E é realmente um craque com a bola murcha do descaramento. Calado durante 19 dias, teve tempo para retocar a sua tática primária de falar muito para não dizer e nunca escorregar numa confidência comprometedora.
E negar sempre: nunca praticou tráfico de influência como ex-ministro da Fazenda, zelou por cada centavo do Tesouro. Jamais passou pela sua cachola assessorar empresas que têm negócios com o governo.
Mas, com a prudência de quem sabe evitar um escorregão no terreno enlameado, atendeu às intruções da presidente Dilma para quebrar os 19 dias de silêncio diante das suspeitas sobre a evolução do seu patrimônio.

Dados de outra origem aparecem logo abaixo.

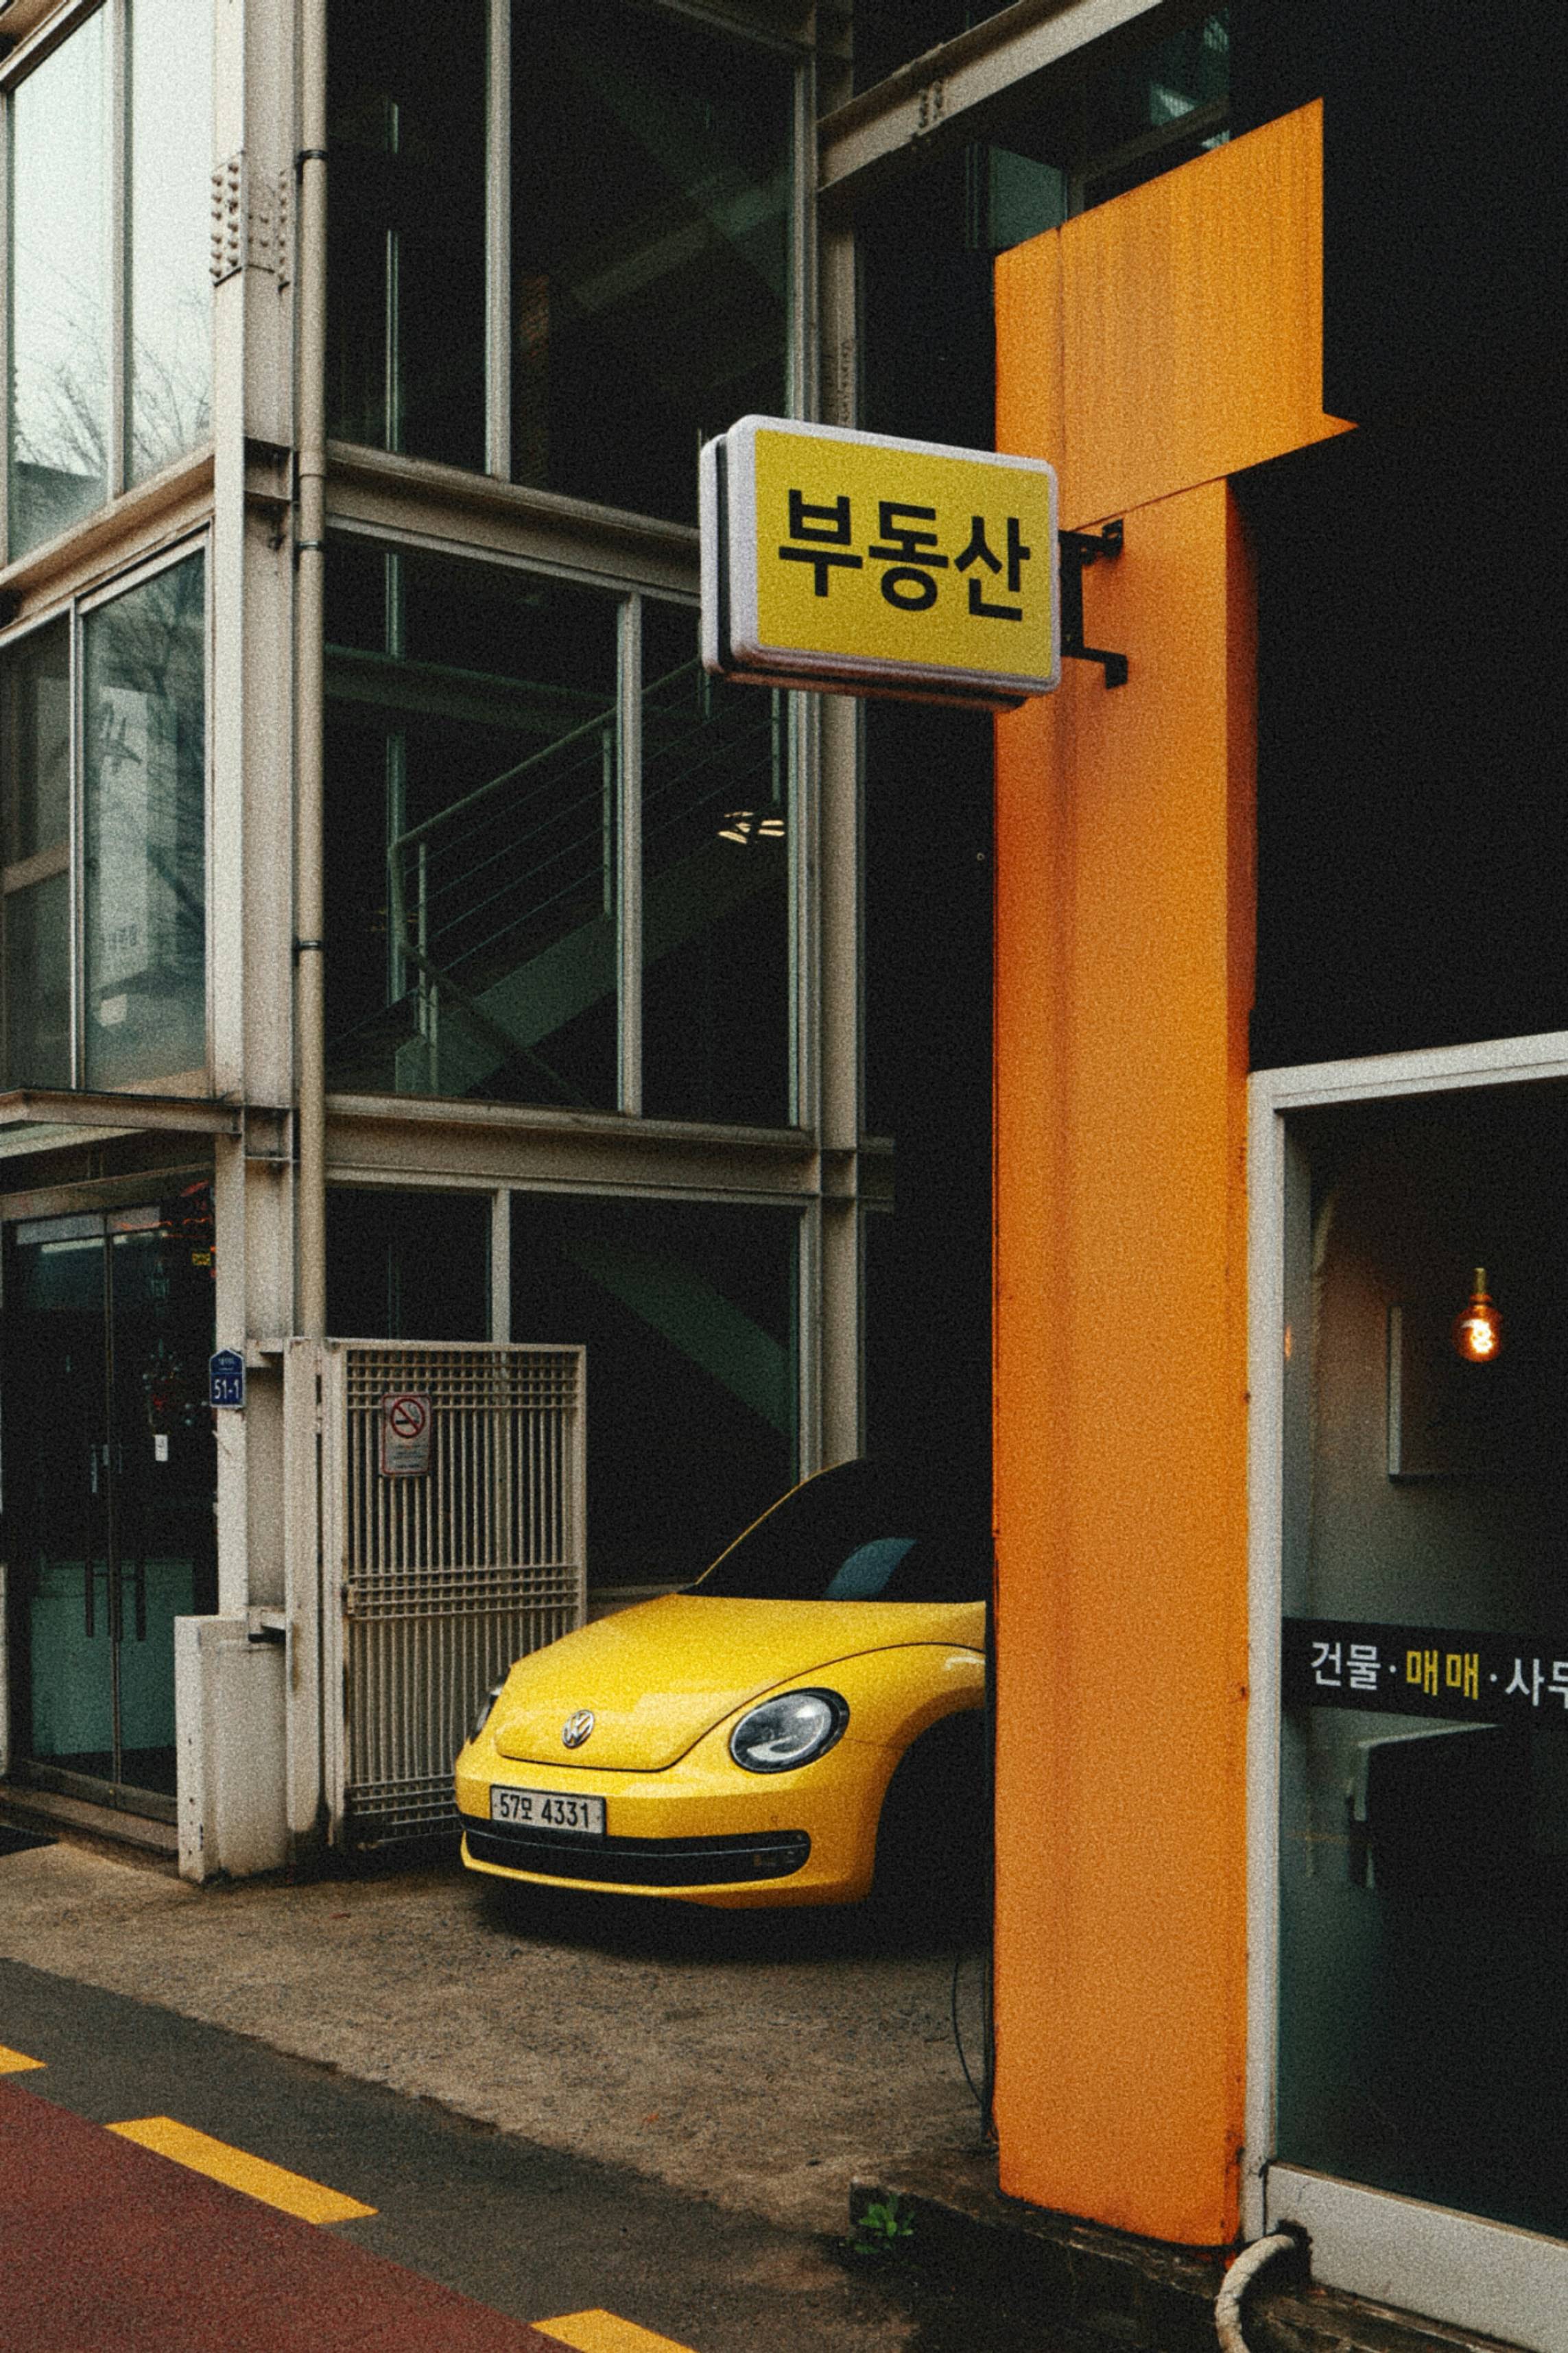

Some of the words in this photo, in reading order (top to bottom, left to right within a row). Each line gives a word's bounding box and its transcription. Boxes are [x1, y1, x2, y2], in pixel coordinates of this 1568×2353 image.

E o craque Palocci brincou com a bola murcha no campo vazio, dando dribles em adversários com os desmentidos em série. O anjo de Palocci cuidou da sua defesa: nunca praticou tráfico de influência como ex-ministro da Fazenda e nem assessorou empresas que negociam com o governo.
Não revelou a lista dos seus clientes, resguardando o sigilo profissional e nem o faturamento milionário da sua consultoria.

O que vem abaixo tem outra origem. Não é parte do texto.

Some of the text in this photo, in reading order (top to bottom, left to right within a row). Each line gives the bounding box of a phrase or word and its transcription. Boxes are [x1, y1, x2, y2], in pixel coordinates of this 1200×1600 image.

O governo nadou em água de rosa com o seu desmentido. Embora seja improvável, não é impossível que depois de uma quarentena volte a servir ao governo, grato ao seu silêncio Em boca fechada não entra mosca, mas basta um sorriso para que o inseto invada o campo.

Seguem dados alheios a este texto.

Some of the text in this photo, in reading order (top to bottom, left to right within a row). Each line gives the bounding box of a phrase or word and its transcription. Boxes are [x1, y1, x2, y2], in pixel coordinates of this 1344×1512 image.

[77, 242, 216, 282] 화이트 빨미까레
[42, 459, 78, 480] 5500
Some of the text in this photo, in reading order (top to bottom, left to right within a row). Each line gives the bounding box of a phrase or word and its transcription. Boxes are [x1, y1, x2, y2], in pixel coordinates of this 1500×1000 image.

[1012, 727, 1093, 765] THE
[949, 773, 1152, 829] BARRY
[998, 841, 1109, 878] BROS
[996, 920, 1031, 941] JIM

A Folha de S. Paulo, em 15 de maio, revelou que Palocci comprou um apartamento por R$ 6,6 milhões e um escritório por R$ 882 mil, ambos em São Paulo. O milionário negócio foi feito pela Projeto do qual o afortunado ministro tem 99,9% do capital. Quem será o afortunado dono do 0,1% ?
Em 2010 a empresa de Palocci faturou R$ 20 milhões. As denúncias contra o ministro chefe da Casa Civil, Antonio Palocci defaglaram a mais grave e embaraçosa crise no governo da presidente Dilma.
E que deve ser implodida com a demissão. A pedido, se Palocci não dormir no ponto, como motorista de táxi enquanto espera o passageiro.